Should Germany, France, and the rest of the EU support the PIIGS? For and Against – Critics of rescuing the PIIGS are afraid of “Moral Hazard”. More simply, this means they believe that these countries have behaved irresponsibly and will not learn a lesson for the future if they get bailed out today. It would send a bad message to other EU countries struggling to balance their budgets.
Others think that disciplined governments like Germany and France who have not over-spent should not risk their “hard earned” fortunes and good credit for the recklessness of the PIIGS nations.
Supporters of a bailout understand the concerns listed above, but are terrified of the dire consequences of allowing Italy and Spain to fail.
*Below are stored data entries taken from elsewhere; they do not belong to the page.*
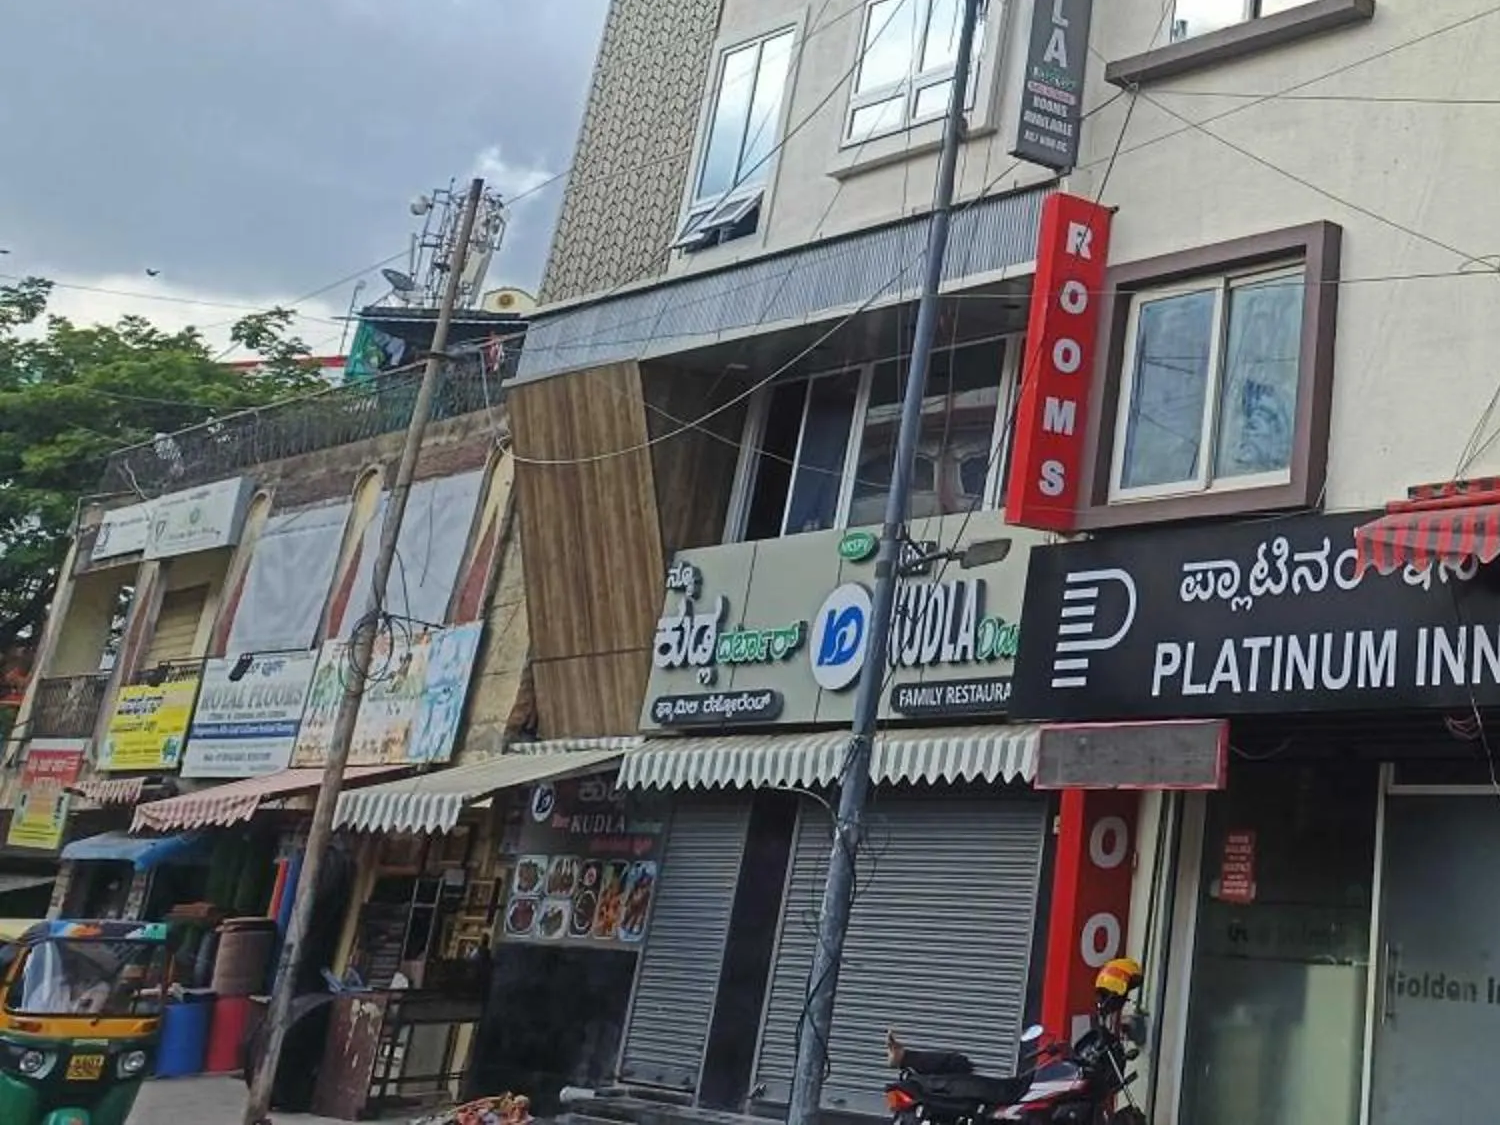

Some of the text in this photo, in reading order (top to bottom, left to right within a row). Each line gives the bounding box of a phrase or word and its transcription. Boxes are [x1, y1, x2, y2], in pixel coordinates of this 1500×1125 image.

[1039, 221, 1094, 497] ROOMS
[655, 594, 722, 684] ಕುಡ್ಲ
[1151, 629, 1397, 698] PLATINUM
[900, 686, 944, 708] FAMILY
[570, 813, 626, 835] KUDLA
Additionally, all Euro countries benefit from the convenience of having a common currency that supports international trade and nobody wants that to go away.
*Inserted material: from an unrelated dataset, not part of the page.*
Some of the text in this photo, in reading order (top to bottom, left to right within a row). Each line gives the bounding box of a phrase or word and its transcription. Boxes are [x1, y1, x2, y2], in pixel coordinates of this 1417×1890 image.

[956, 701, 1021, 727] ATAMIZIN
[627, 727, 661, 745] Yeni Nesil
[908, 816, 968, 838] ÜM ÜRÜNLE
Prognosis – Everyone is hoping that some sort of compromise is reached where Italy and Spain can get the pledges they need, but with strings attached like new rules limiting how much money governments can spend with enforceable consequences for rule breakers. The fiscal union created at the EU Summit on December 9th holds all countries accountable for their fiscal policies and sets the stage for the financial pledge from the rest of the euro zone. Such a pledge is crucial to guarantee investors that the EU would not allow Spain and Italy to fail. Until this happens, investors will remain jittery, yields on Italian and Spanish bonds will continue to rise, and the global financial markets will watch to see whether the EU leaders can save the Euro before it’s too late. The fever is only getting worse.